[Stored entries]

• • •

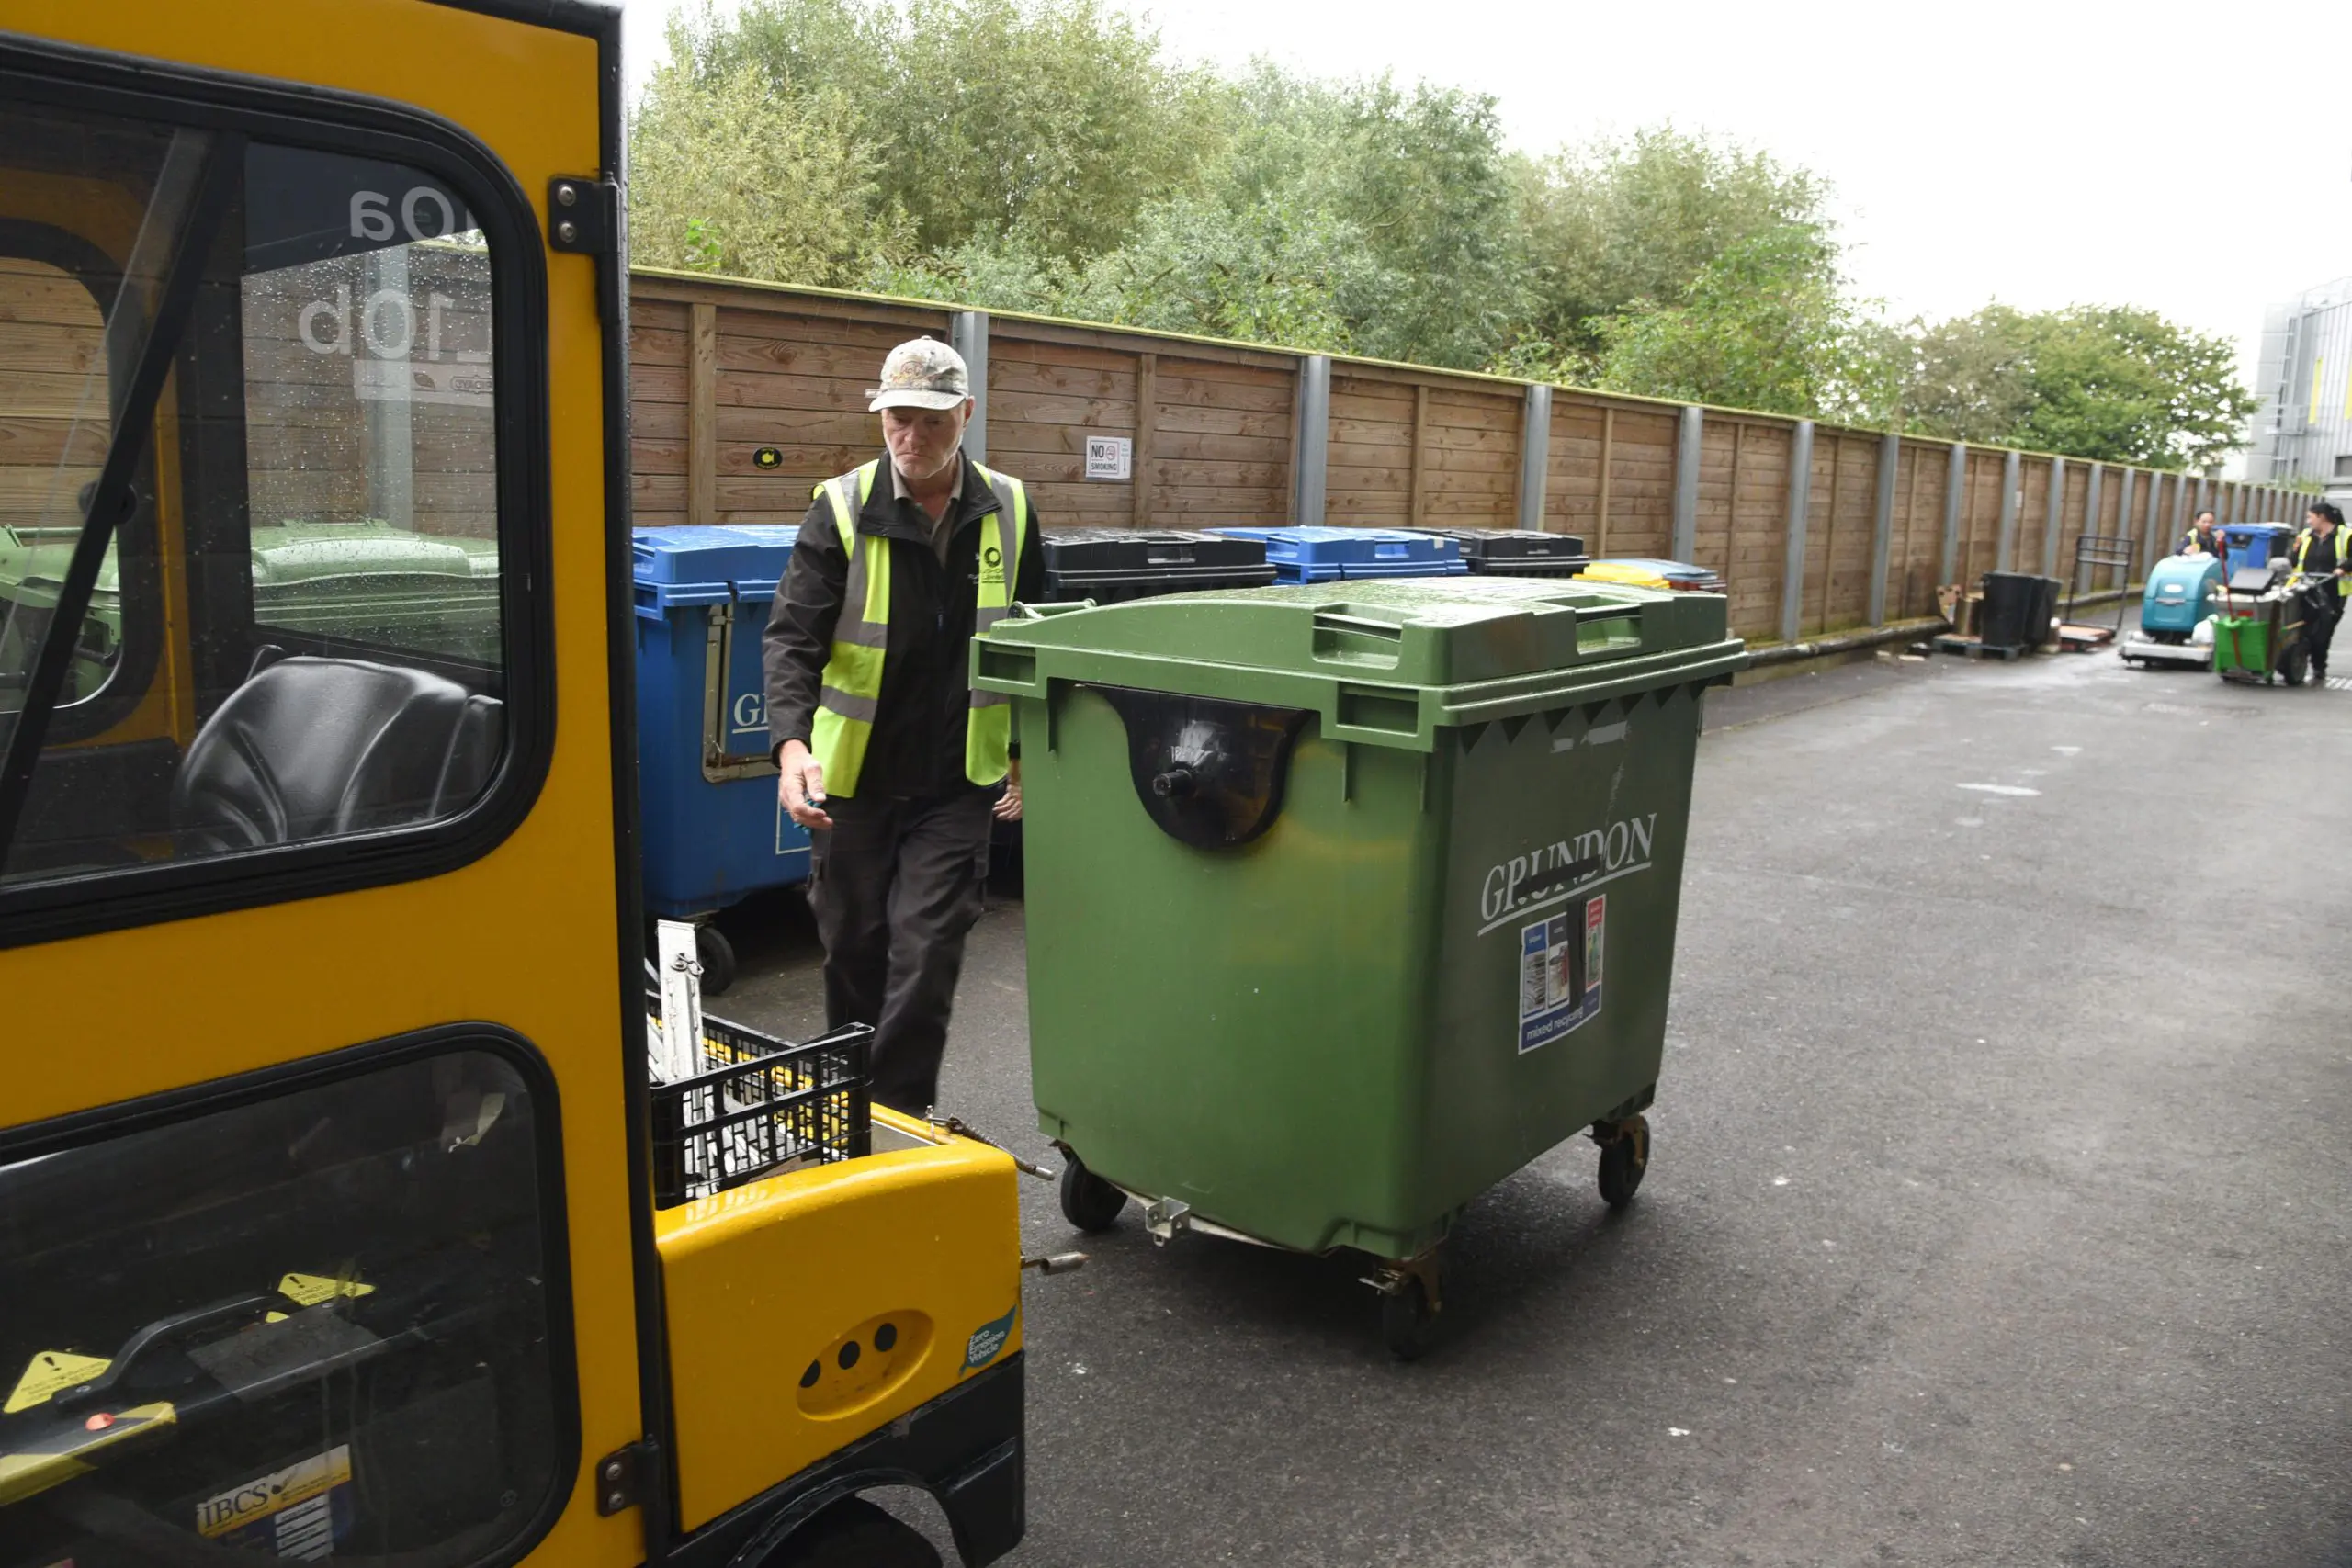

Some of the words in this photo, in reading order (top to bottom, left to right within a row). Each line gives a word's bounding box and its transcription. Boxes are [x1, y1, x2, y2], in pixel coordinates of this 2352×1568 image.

[1091, 445, 1104, 458] NO
[1091, 462, 1117, 471] SMOKING
[1526, 1020, 1554, 1041] mixed
[969, 1330, 990, 1343] Zero
[969, 1331, 1006, 1354] Emission
[969, 1344, 999, 1363] Vehicle
[202, 1482, 269, 1529] IBCS

• • •

- [Assignment]: Copy the records above exactly. Do not carry any picture into the copy.

- [Written solution]:
Some of the words in this photo, in reading order (top to bottom, left to right within a row). Each line gives a word's bounding box and its transcription. Boxes are [x1, y1, x2, y2], in pixel coordinates of this 2352×1568 image.

[1091, 445, 1104, 458] NO
[1091, 462, 1117, 471] SMOKING
[1526, 1020, 1554, 1041] mixed
[969, 1330, 990, 1343] Zero
[969, 1331, 1006, 1354] Emission
[969, 1344, 999, 1363] Vehicle
[202, 1482, 269, 1529] IBCS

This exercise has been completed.